*Activity*.
Set the records down again exactly, apart from any pictures in them.

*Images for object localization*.
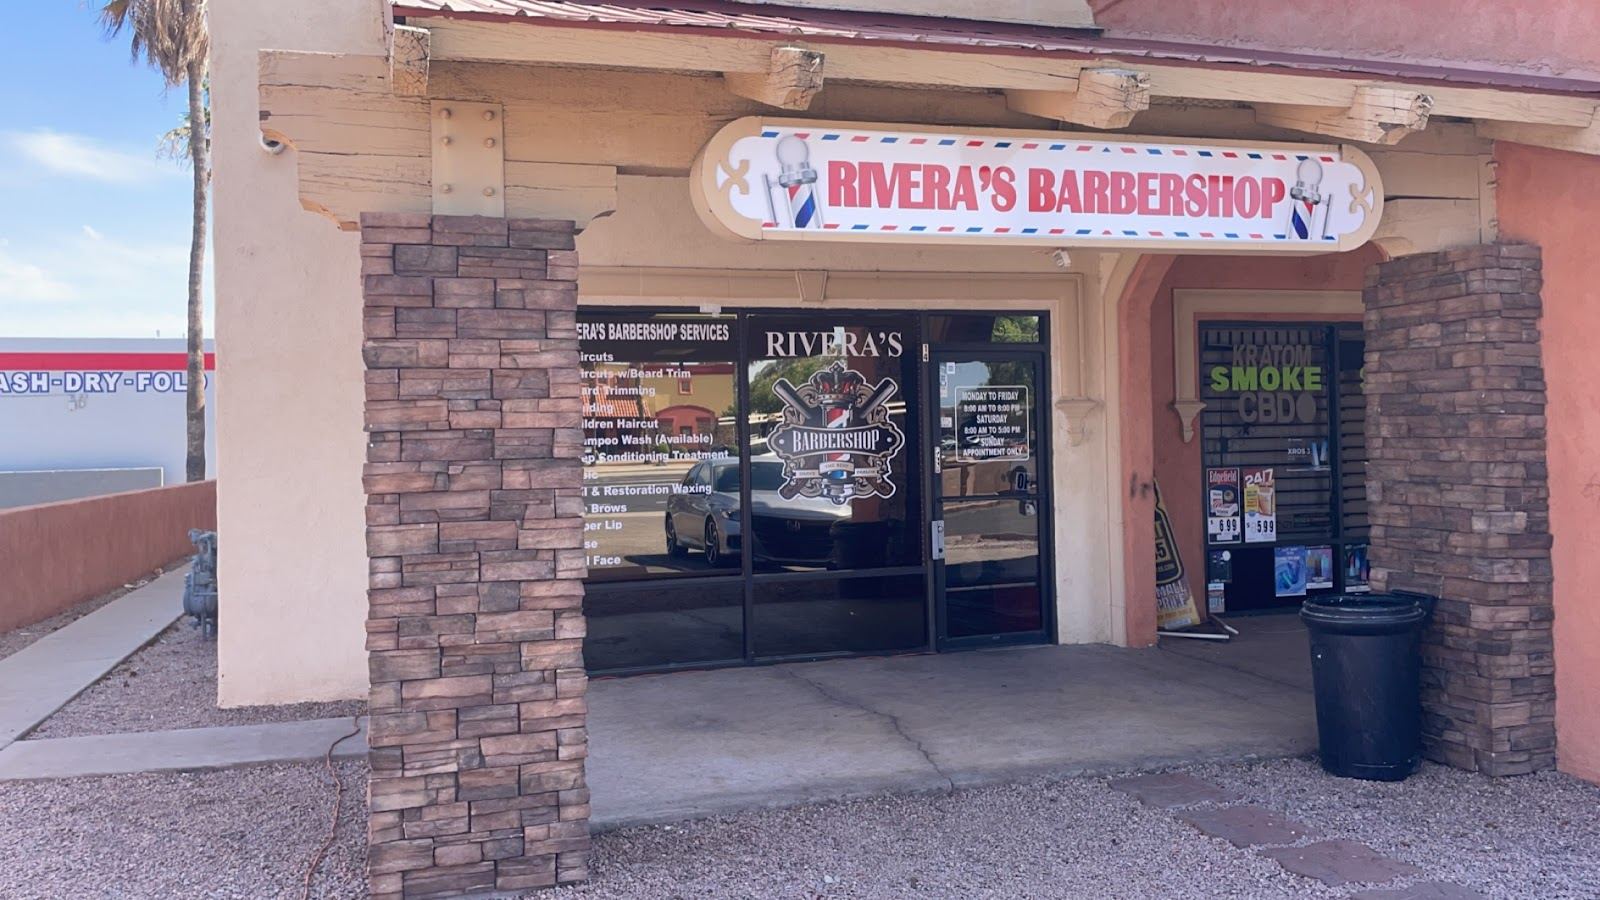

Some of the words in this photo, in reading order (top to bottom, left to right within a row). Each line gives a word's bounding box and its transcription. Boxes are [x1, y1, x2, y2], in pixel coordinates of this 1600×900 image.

[827, 159, 1017, 213] RIVERA'S
[1027, 166, 1286, 220] BARBERSHOP
[576, 322, 606, 340] ERA'S
[608, 323, 678, 341] BARBERSHOP
[679, 323, 730, 341] SERVICES
[765, 331, 904, 358] RIVERA'S
[580, 351, 614, 362] ircuts
[1231, 344, 1313, 368] KRATOM
[580, 368, 614, 379] ircuts
[617, 368, 664, 379] w/Beard
[665, 368, 691, 379] Trim
[1210, 366, 1322, 392] SMOKE
[581, 386, 600, 396] ard
[604, 386, 656, 398] Trimming
[962, 391, 987, 401] MONDAY
[988, 391, 997, 401] TO
[997, 390, 1019, 401] FRIDAY
[978, 404, 988, 412] AM
[988, 404, 997, 412] TO
[1010, 404, 1021, 412] PM
[1237, 391, 1296, 424] CBD
[581, 418, 614, 429] ildren
[616, 418, 659, 429] Haircut
[976, 414, 1008, 424] SATURDAY
[978, 426, 988, 434] AM
[988, 426, 998, 434] TO
[998, 426, 1011, 434] 5:00
[1011, 425, 1021, 434] PM
[621, 434, 652, 446] Wash
[655, 433, 714, 447] (Available)
[792, 428, 880, 453] BARBERSHOP
[980, 436, 1005, 447] SUNDAY
[599, 452, 670, 465] Conditioning
[672, 449, 730, 461] Treatment
[963, 447, 1006, 457] APPOINTMENT
[1006, 447, 1023, 456] ONLY
[1209, 469, 1238, 484] Edgefield
[591, 486, 601, 497] &
[603, 484, 669, 497] Restoration
[672, 483, 712, 496] Waxing
[591, 503, 628, 513] Brows
[604, 519, 623, 531] Lip
[593, 554, 622, 565] Face

*Solved problem*.
Some of the words in this photo, in reading order (top to bottom, left to right within a row). Each line gives a word's bounding box and its transcription. Boxes are [x1, y1, x2, y2], in pixel coordinates of this 1600×900 image.

[827, 159, 1017, 213] RIVERA'S
[1027, 166, 1286, 220] BARBERSHOP
[576, 322, 606, 340] ERA'S
[608, 323, 678, 341] BARBERSHOP
[679, 323, 730, 341] SERVICES
[765, 331, 904, 358] RIVERA'S
[580, 351, 614, 362] ircuts
[1231, 344, 1313, 368] KRATOM
[580, 368, 614, 379] ircuts
[617, 368, 664, 379] w/Beard
[665, 368, 691, 379] Trim
[1210, 366, 1322, 392] SMOKE
[581, 386, 600, 396] ard
[604, 386, 656, 398] Trimming
[962, 391, 987, 401] MONDAY
[988, 391, 997, 401] TO
[997, 390, 1019, 401] FRIDAY
[978, 404, 988, 412] AM
[988, 404, 997, 412] TO
[1010, 404, 1021, 412] PM
[1237, 391, 1296, 424] CBD
[581, 418, 614, 429] ildren
[616, 418, 659, 429] Haircut
[976, 414, 1008, 424] SATURDAY
[978, 426, 988, 434] AM
[988, 426, 998, 434] TO
[998, 426, 1011, 434] 5:00
[1011, 425, 1021, 434] PM
[621, 434, 652, 446] Wash
[655, 433, 714, 447] (Available)
[792, 428, 880, 453] BARBERSHOP
[980, 436, 1005, 447] SUNDAY
[599, 452, 670, 465] Conditioning
[672, 449, 730, 461] Treatment
[963, 447, 1006, 457] APPOINTMENT
[1006, 447, 1023, 456] ONLY
[1209, 469, 1238, 484] Edgefield
[591, 486, 601, 497] &
[603, 484, 669, 497] Restoration
[672, 483, 712, 496] Waxing
[591, 503, 628, 513] Brows
[604, 519, 623, 531] Lip
[593, 554, 622, 565] Face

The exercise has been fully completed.